>>
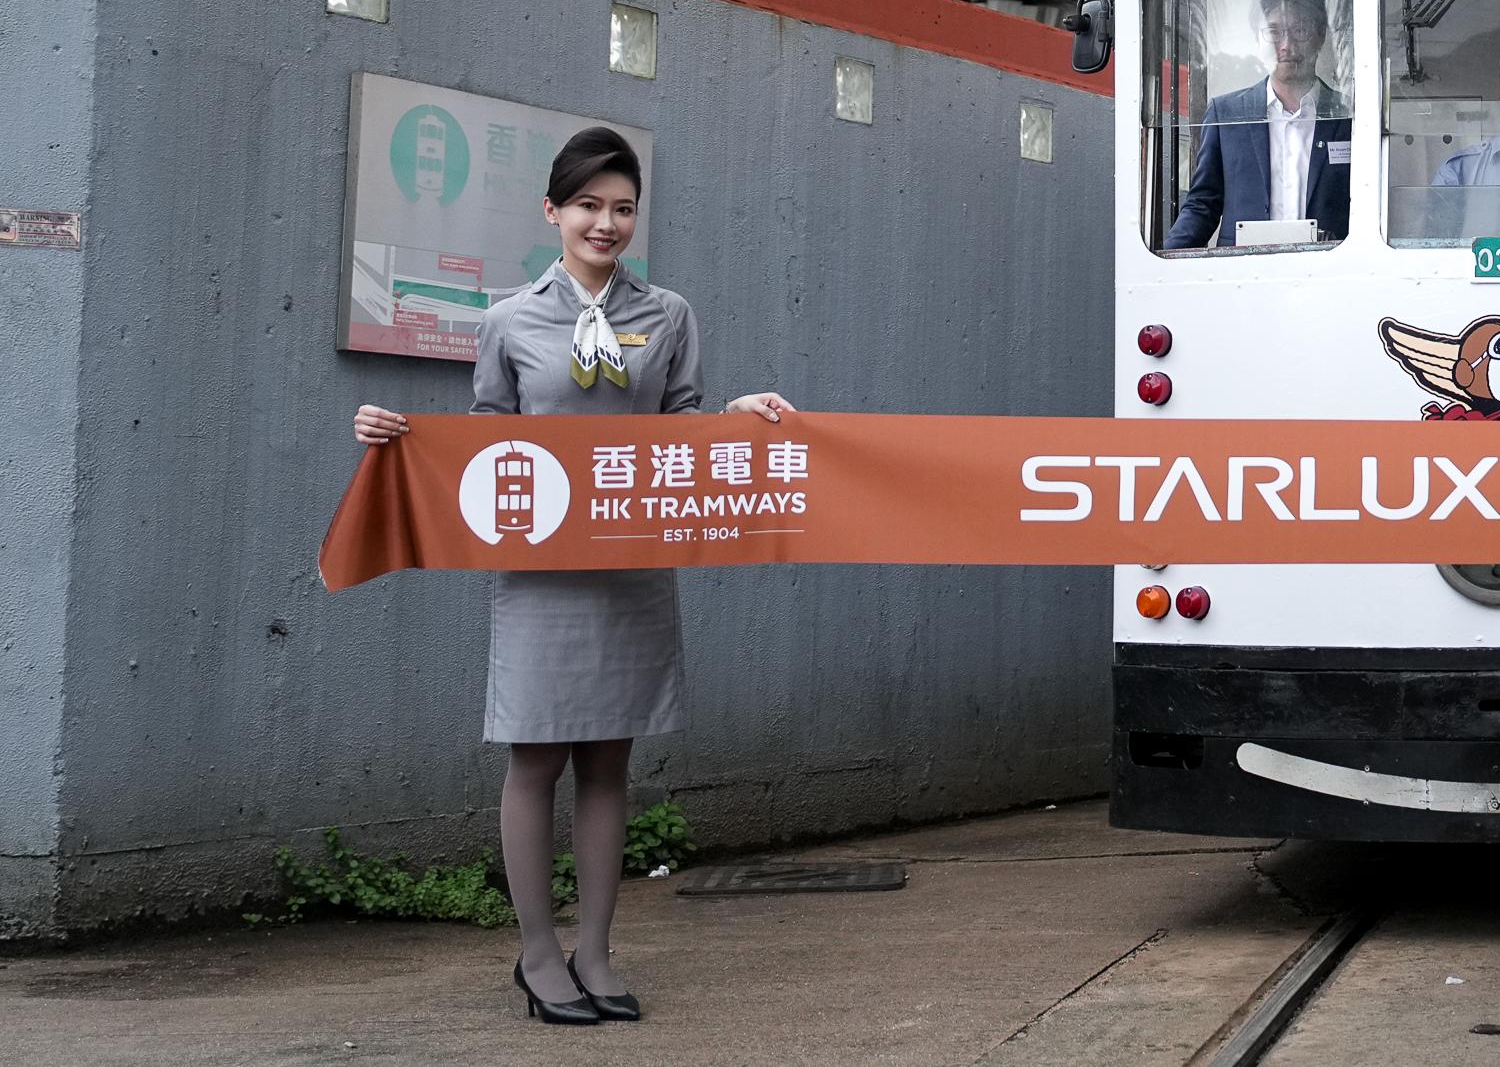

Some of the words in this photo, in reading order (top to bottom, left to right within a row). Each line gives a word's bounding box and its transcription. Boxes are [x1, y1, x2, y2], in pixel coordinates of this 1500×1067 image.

[416, 343, 430, 351] FOR
[431, 344, 449, 353] YOUR
[591, 440, 809, 489] 香港電車
[590, 497, 631, 520] HK
[640, 492, 807, 519] TRAMWAYS
[663, 528, 697, 543] EST.
[702, 527, 740, 542] 1904
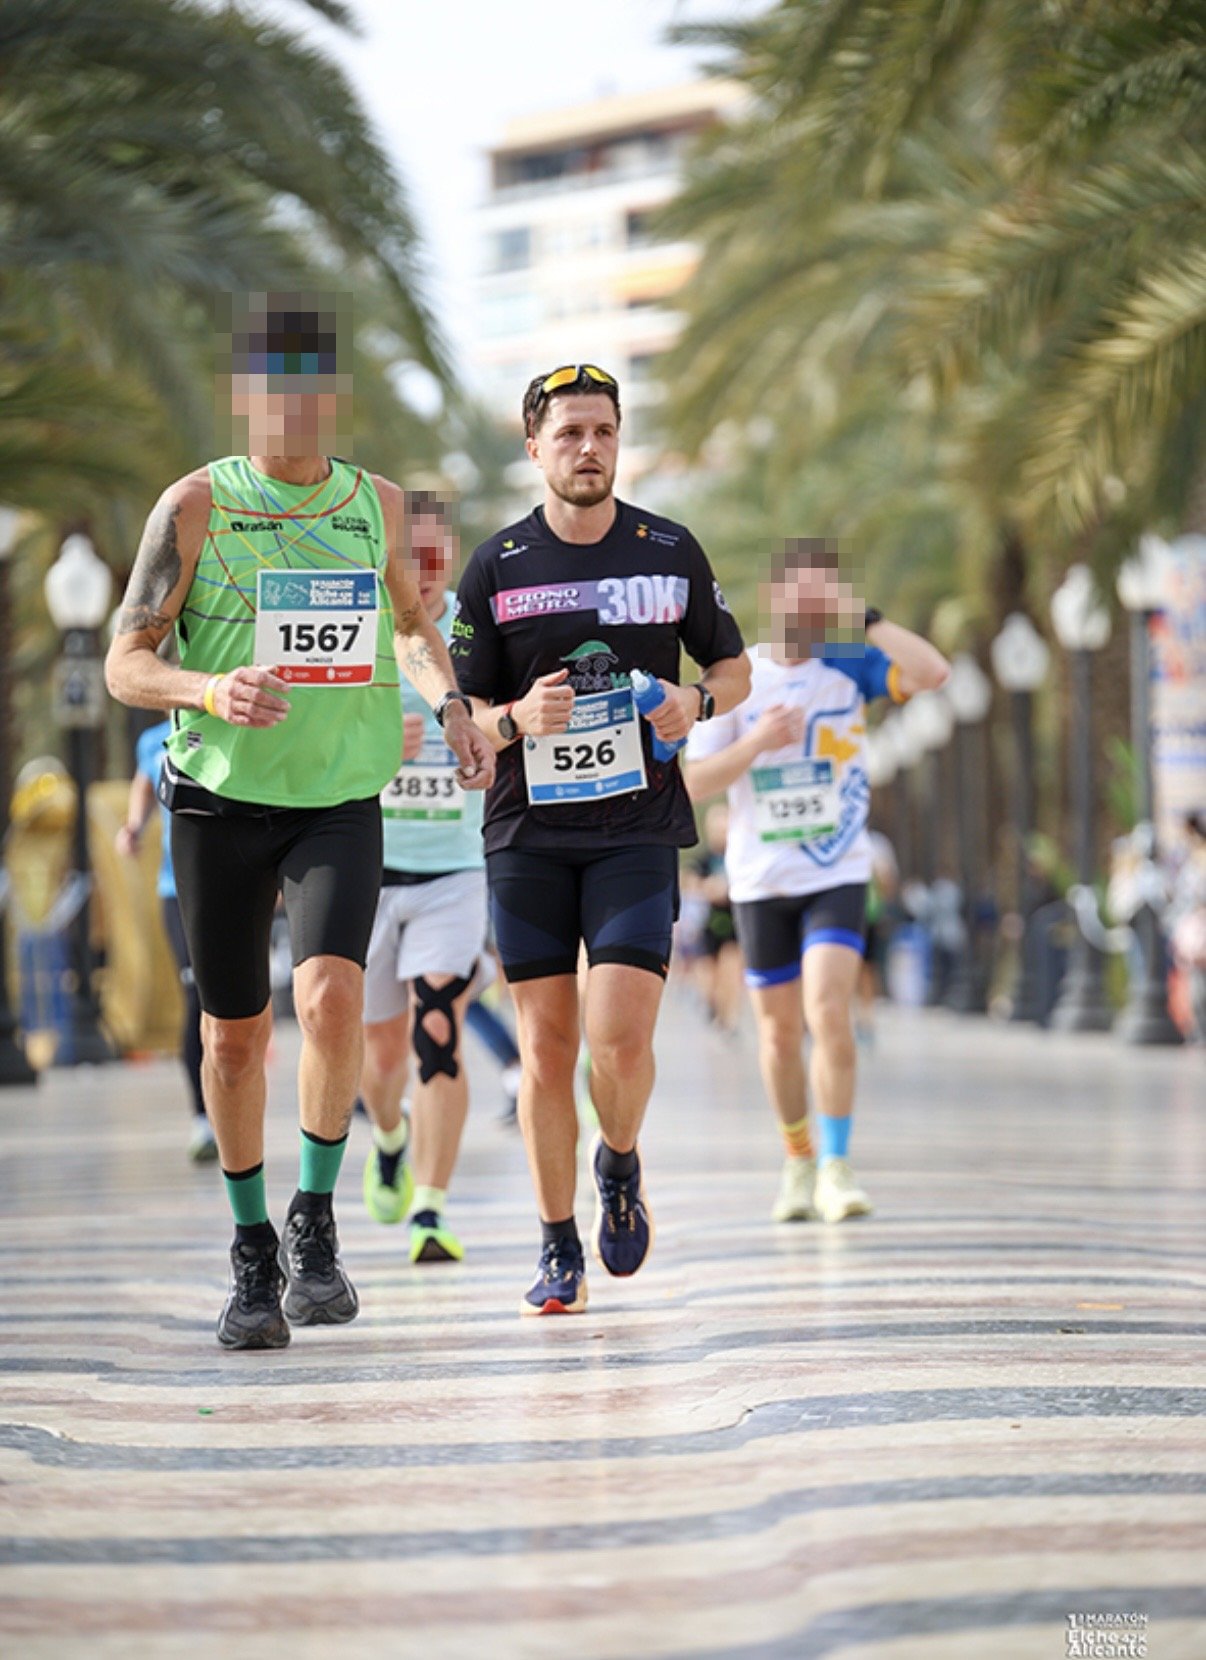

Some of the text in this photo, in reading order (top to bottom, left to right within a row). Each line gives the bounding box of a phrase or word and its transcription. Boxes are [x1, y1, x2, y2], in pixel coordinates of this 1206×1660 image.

[505, 588, 579, 606] CRONO
[507, 598, 580, 616] METRA
[597, 574, 681, 624] 30K
[278, 623, 360, 653] 1567
[553, 739, 616, 772] 526
[390, 775, 455, 798] 3833
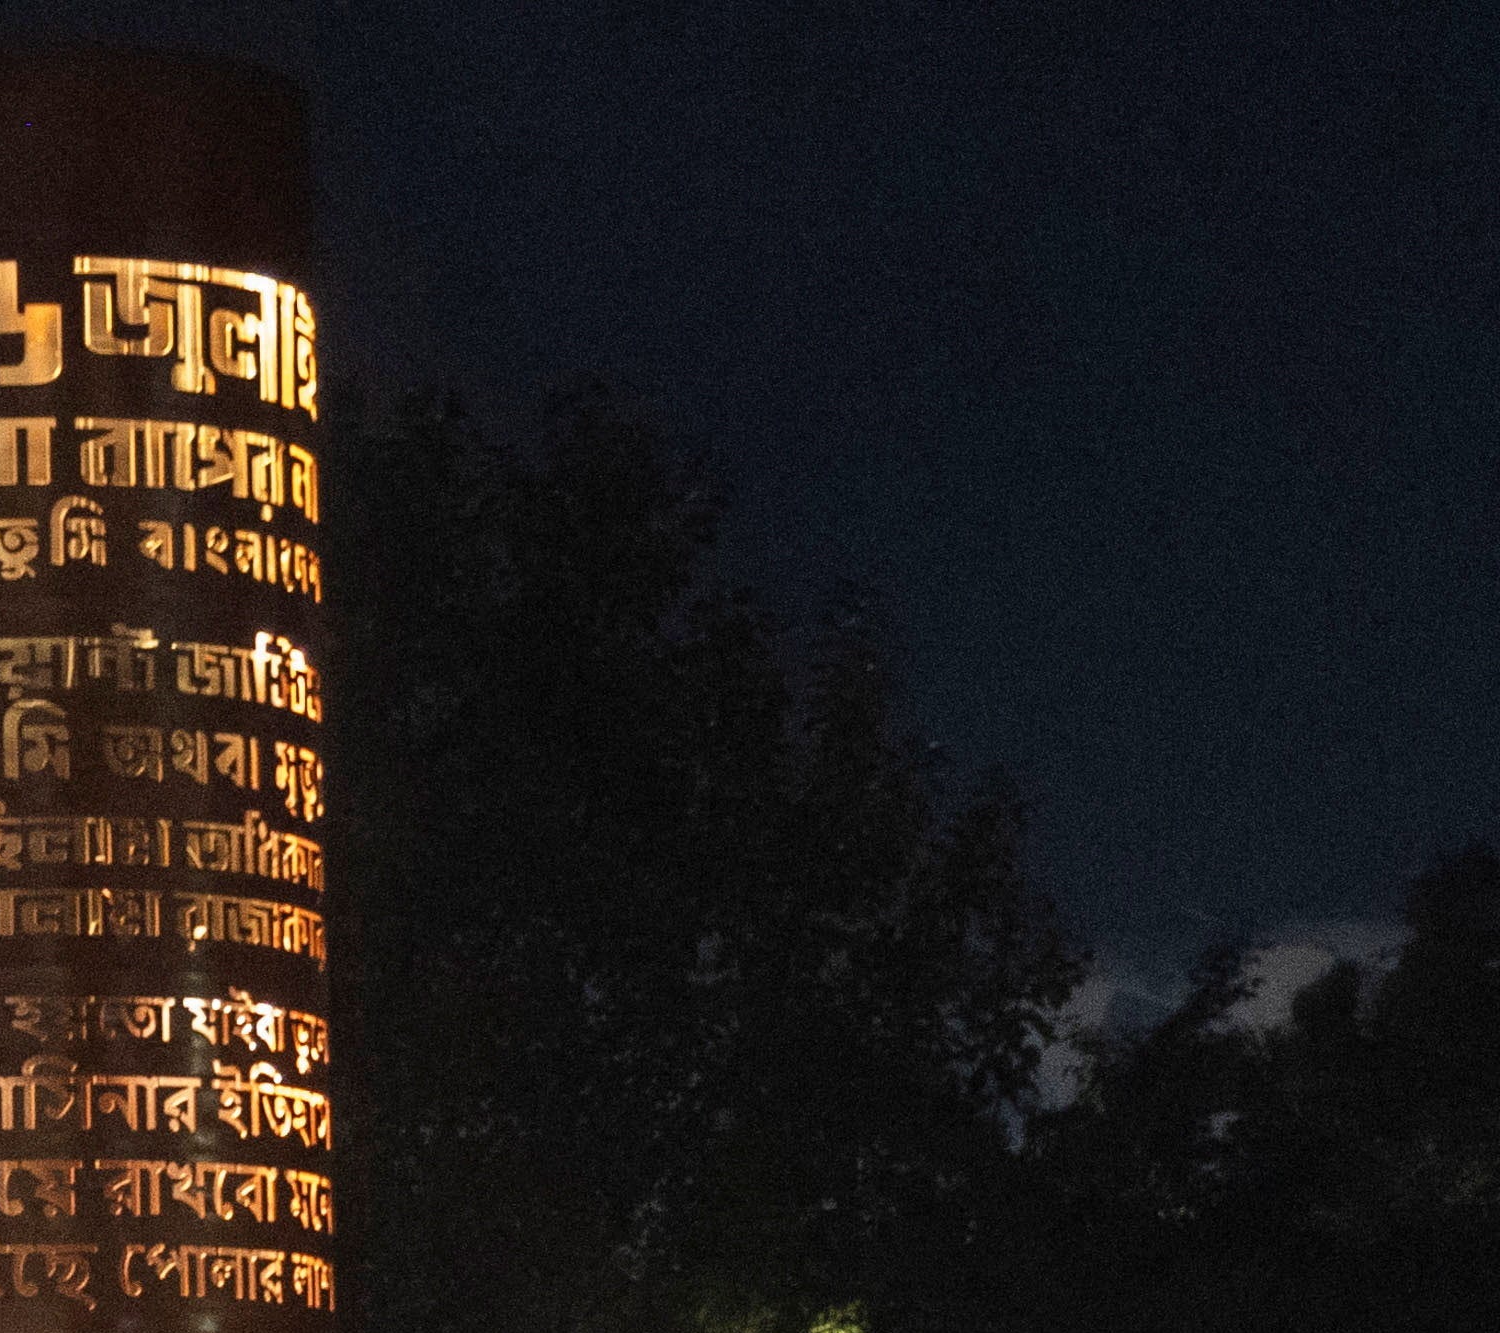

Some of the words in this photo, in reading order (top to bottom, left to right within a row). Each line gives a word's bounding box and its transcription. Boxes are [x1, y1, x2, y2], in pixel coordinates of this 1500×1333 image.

[73, 255, 318, 419] জুলাই
[75, 417, 288, 521] বাপের
[104, 728, 260, 791] অথবা
[211, 1061, 331, 1151] ইতিহাস
[94, 1160, 277, 1224] রাখবো
[120, 1245, 284, 1304] পোলার
<<
Problem to work on: Output the entries above exactly, without their pictures.

Exercise result:
Some of the words in this photo, in reading order (top to bottom, left to right within a row). Each line gives a word's bounding box and its transcription. Boxes are [x1, y1, x2, y2], in pixel coordinates of this 1500×1067 image.

[416, 343, 430, 351] FOR
[431, 344, 449, 353] YOUR
[591, 440, 809, 489] 香港電車
[590, 497, 631, 520] HK
[640, 492, 807, 519] TRAMWAYS
[663, 528, 697, 543] EST.
[702, 527, 740, 542] 1904

Some of the text in this photo, in reading order (top to bottom, left to right within a row). Each line gives the bounding box of a phrase or word and its transcription. Boxes are [x1, y1, x2, y2], in pixel coordinates of this 1206×1660 image.

[505, 588, 579, 606] CRONO
[507, 598, 580, 616] METRA
[597, 574, 681, 624] 30K
[278, 623, 360, 653] 1567
[553, 739, 616, 772] 526
[390, 775, 455, 798] 3833

Some of the words in this photo, in reading order (top to bottom, left to right within a row). Each line gives a word's bounding box and its transcription. Boxes are [x1, y1, x2, y2], in pixel coordinates of this 1500×1333 image.

[73, 255, 318, 419] জুলাই
[75, 417, 288, 521] বাপের
[104, 728, 260, 791] অথবা
[211, 1061, 331, 1151] ইতিহাস
[94, 1160, 277, 1224] রাখবো
[120, 1245, 284, 1304] পোলার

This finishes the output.